◆ Directions:
From first line to last, print the records exactly, but leave out the pictures.

◆ Data records:
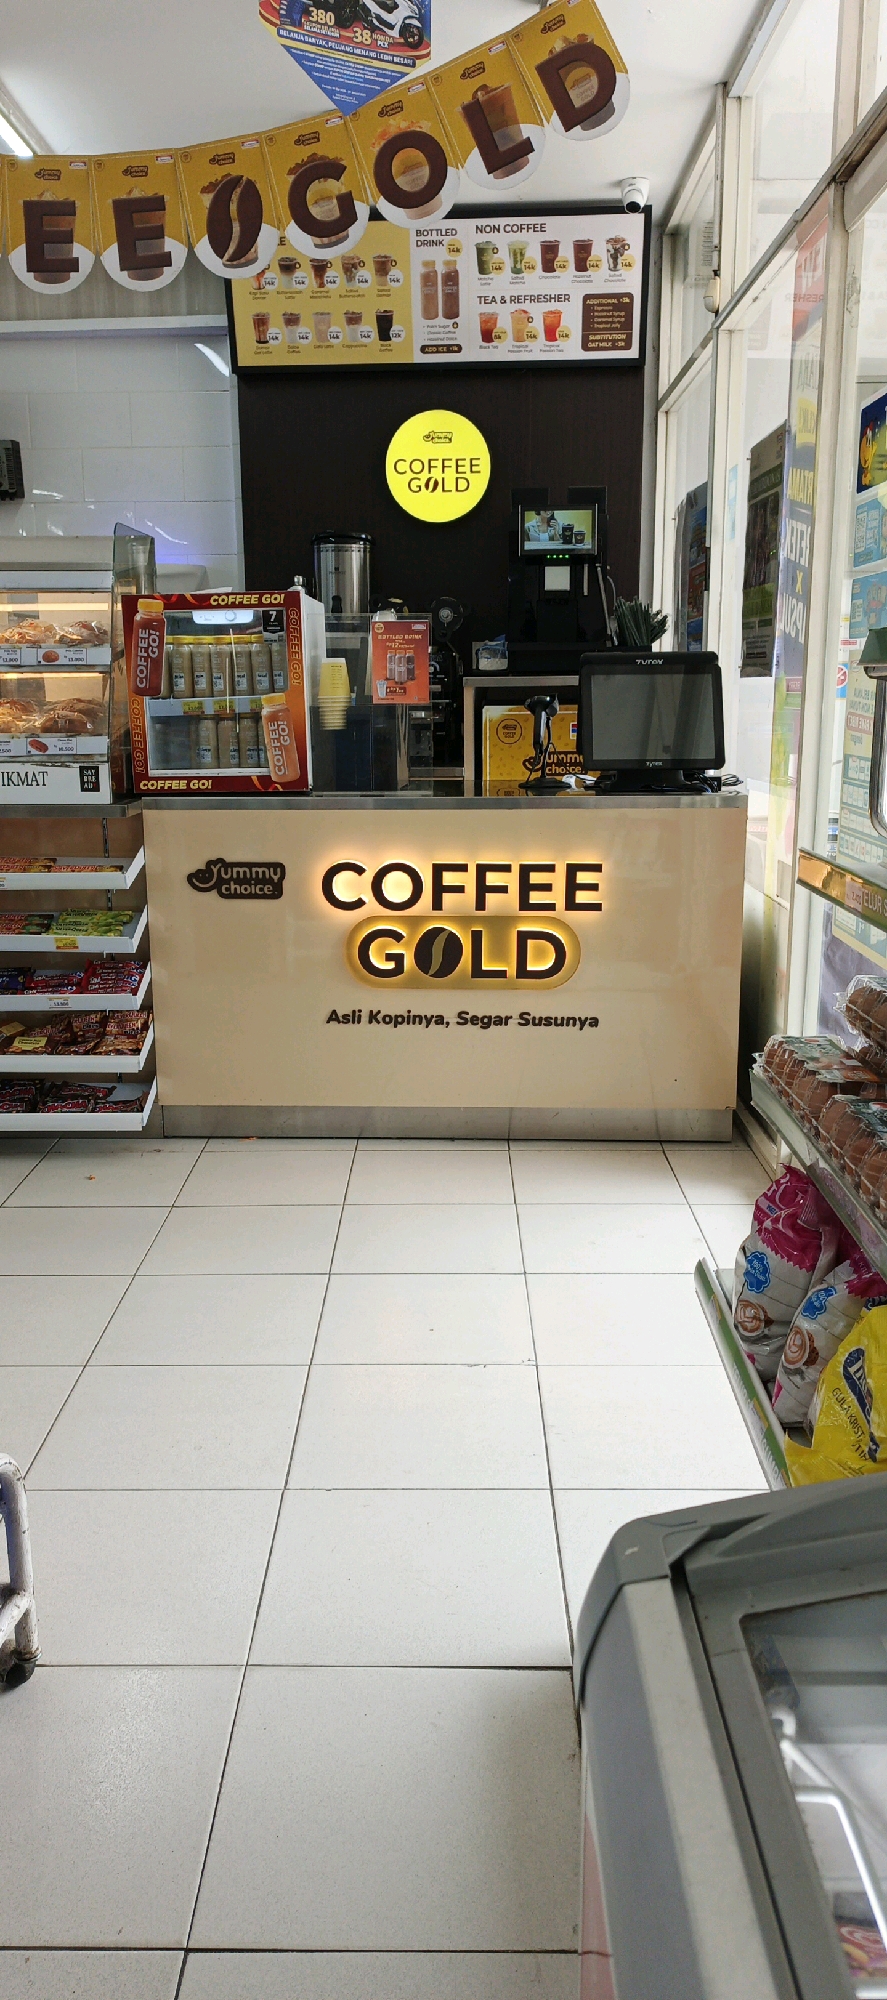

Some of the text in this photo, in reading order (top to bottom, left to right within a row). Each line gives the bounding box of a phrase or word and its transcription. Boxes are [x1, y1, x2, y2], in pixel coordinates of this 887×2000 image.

[309, 7, 334, 26] 380
[279, 30, 305, 42] BELANJA
[352, 28, 371, 45] 38
[372, 33, 394, 44] HONDA
[416, 228, 458, 237] BOTTLED
[476, 223, 546, 234] NON COFFEE
[416, 240, 444, 248] DRINK
[477, 294, 571, 304] TEA & REFRESHER
[394, 458, 481, 475] COFFEE
[408, 476, 470, 494] GOLD
[210, 594, 286, 606] COFFEE GO!
[269, 610, 277, 622] 7
[149, 630, 160, 658] GO!
[289, 608, 302, 686] COFFEE GO!
[137, 628, 148, 688] COFFEE
[131, 697, 145, 774] COFFEE GO!
[278, 720, 290, 746] GO!
[268, 721, 285, 776] COFFEE
[140, 780, 212, 790] COFFEE GO!
[205, 862, 280, 883] Yummy
[321, 861, 602, 912] COFFEE
[357, 926, 566, 980] GOLD
[326, 1009, 600, 1031] Asli Kopinya, Segar Susunya
[832, 1387, 852, 1412] GULA

◆ Written solution:
Some of the text in this photo, in reading order (top to bottom, left to right within a row). Each line gives the bounding box of a phrase or word and its transcription. Boxes are [x1, y1, x2, y2], in pixel coordinates of this 887×2000 image.

[309, 7, 334, 26] 380
[279, 30, 305, 42] BELANJA
[352, 28, 371, 45] 38
[372, 33, 394, 44] HONDA
[416, 228, 458, 237] BOTTLED
[476, 223, 546, 234] NON COFFEE
[416, 240, 444, 248] DRINK
[477, 294, 571, 304] TEA & REFRESHER
[394, 458, 481, 475] COFFEE
[408, 476, 470, 494] GOLD
[210, 594, 286, 606] COFFEE GO!
[269, 610, 277, 622] 7
[149, 630, 160, 658] GO!
[289, 608, 302, 686] COFFEE GO!
[137, 628, 148, 688] COFFEE
[131, 697, 145, 774] COFFEE GO!
[278, 720, 290, 746] GO!
[268, 721, 285, 776] COFFEE
[140, 780, 212, 790] COFFEE GO!
[205, 862, 280, 883] Yummy
[321, 861, 602, 912] COFFEE
[357, 926, 566, 980] GOLD
[326, 1009, 600, 1031] Asli Kopinya, Segar Susunya
[832, 1387, 852, 1412] GULA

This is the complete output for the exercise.